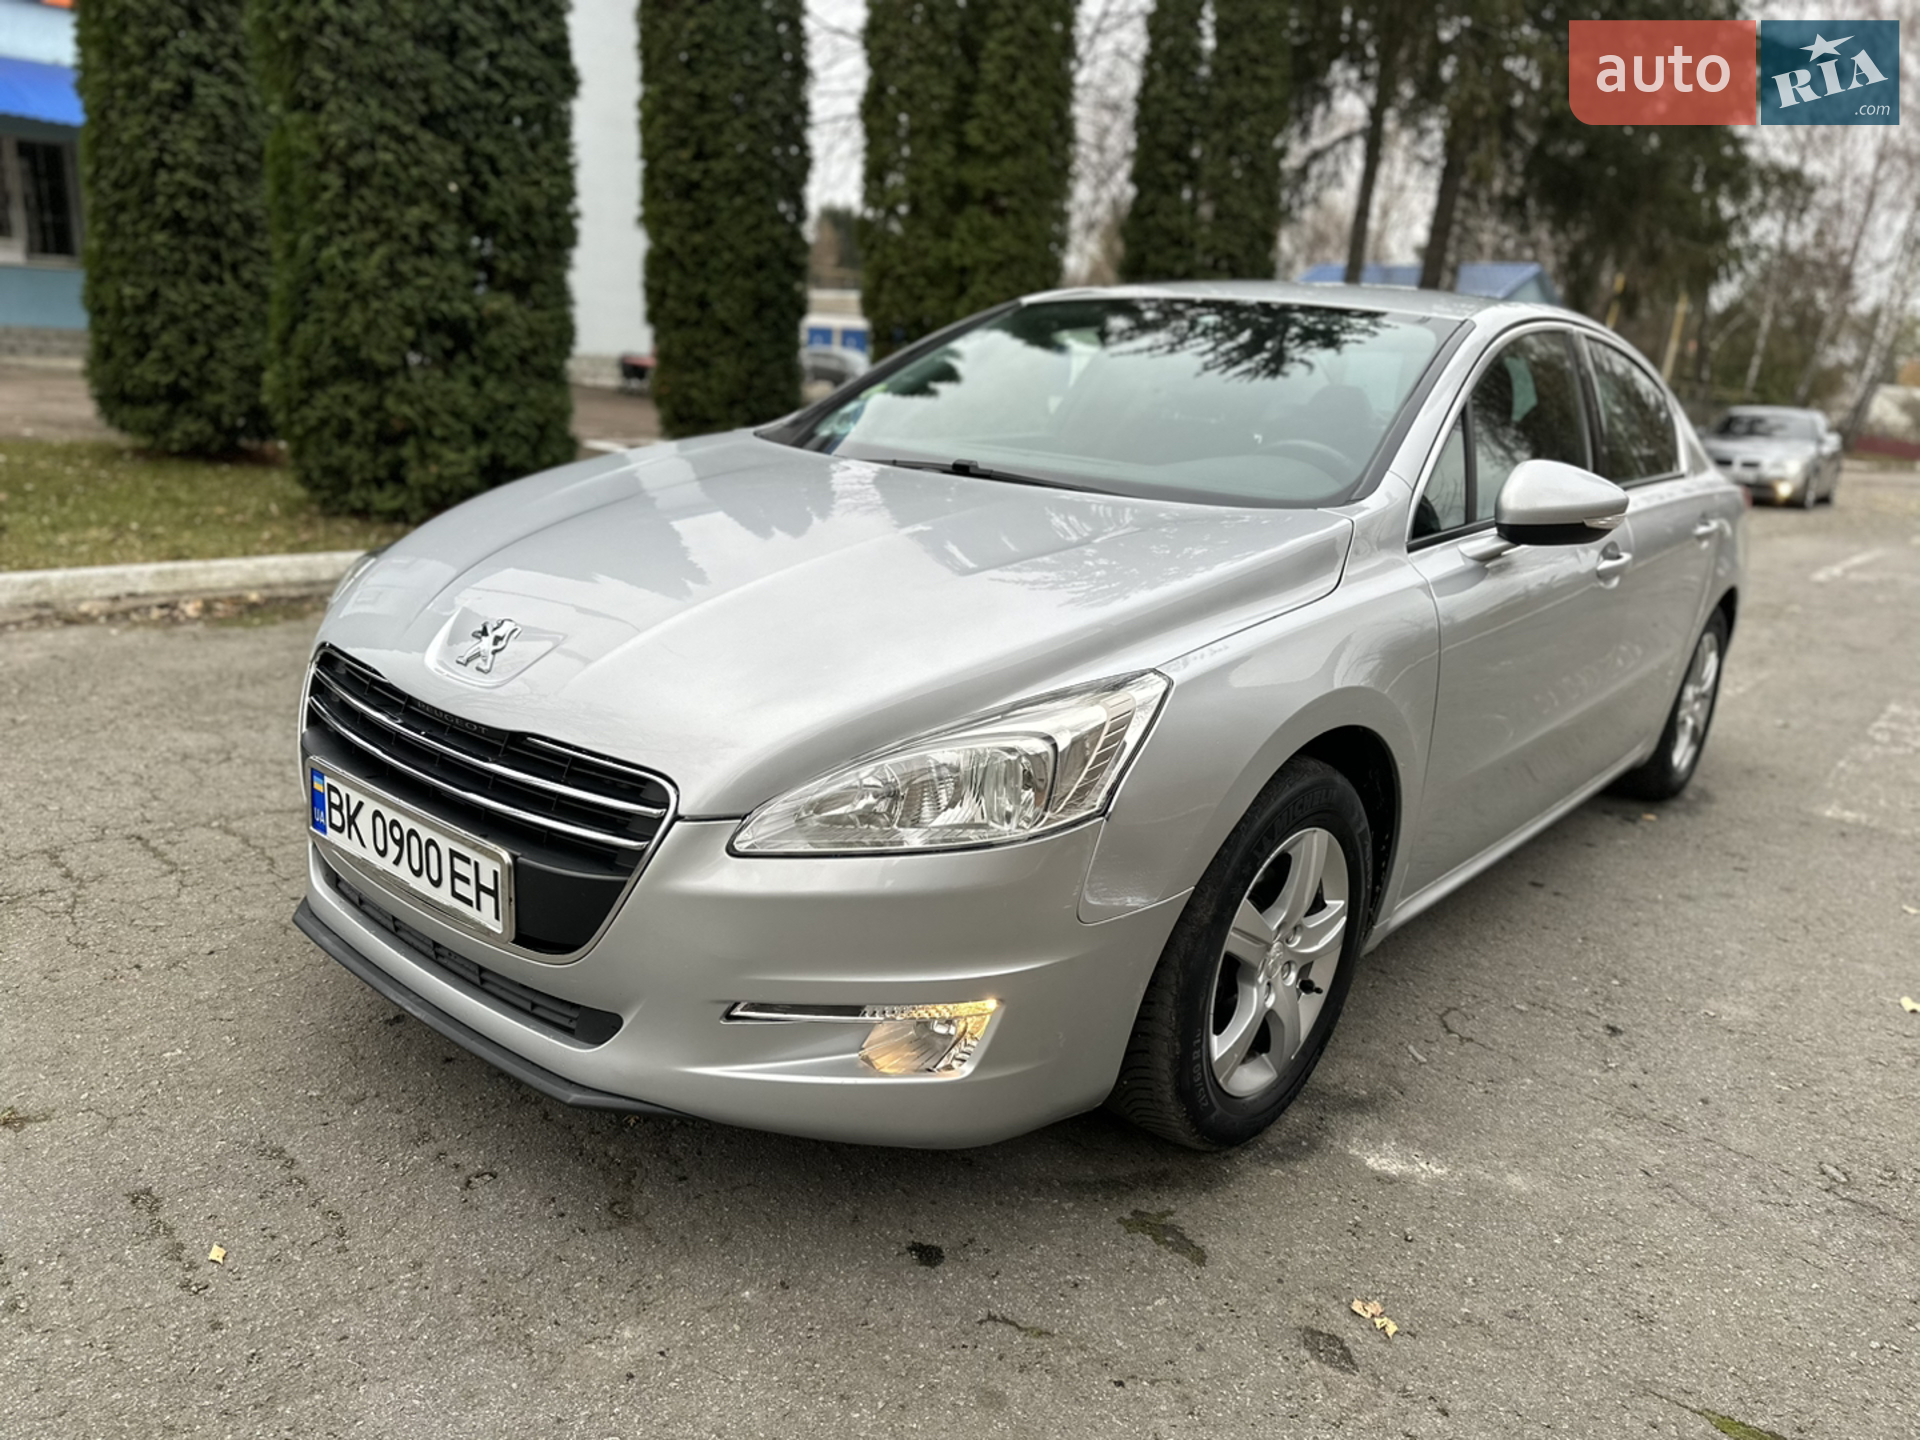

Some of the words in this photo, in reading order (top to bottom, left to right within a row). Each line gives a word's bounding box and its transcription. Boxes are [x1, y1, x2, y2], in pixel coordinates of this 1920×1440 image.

[314, 806, 326, 825] UA
[326, 782, 366, 849] BK
[371, 809, 443, 888] 0900
[448, 847, 501, 922] EH
[1192, 1063, 1209, 1111] 215/60

Task instructions
Return the material above in exact form. Pictures stay out.

Problem solution
Some of the words in this photo, in reading order (top to bottom, left to right within a row). Each line gives a word's bounding box and its transcription. Boxes are [x1, y1, x2, y2], in pixel coordinates of this 1920×1440 image.

[314, 806, 326, 825] UA
[326, 782, 366, 849] BK
[371, 809, 443, 888] 0900
[448, 847, 501, 922] EH
[1192, 1063, 1209, 1111] 215/60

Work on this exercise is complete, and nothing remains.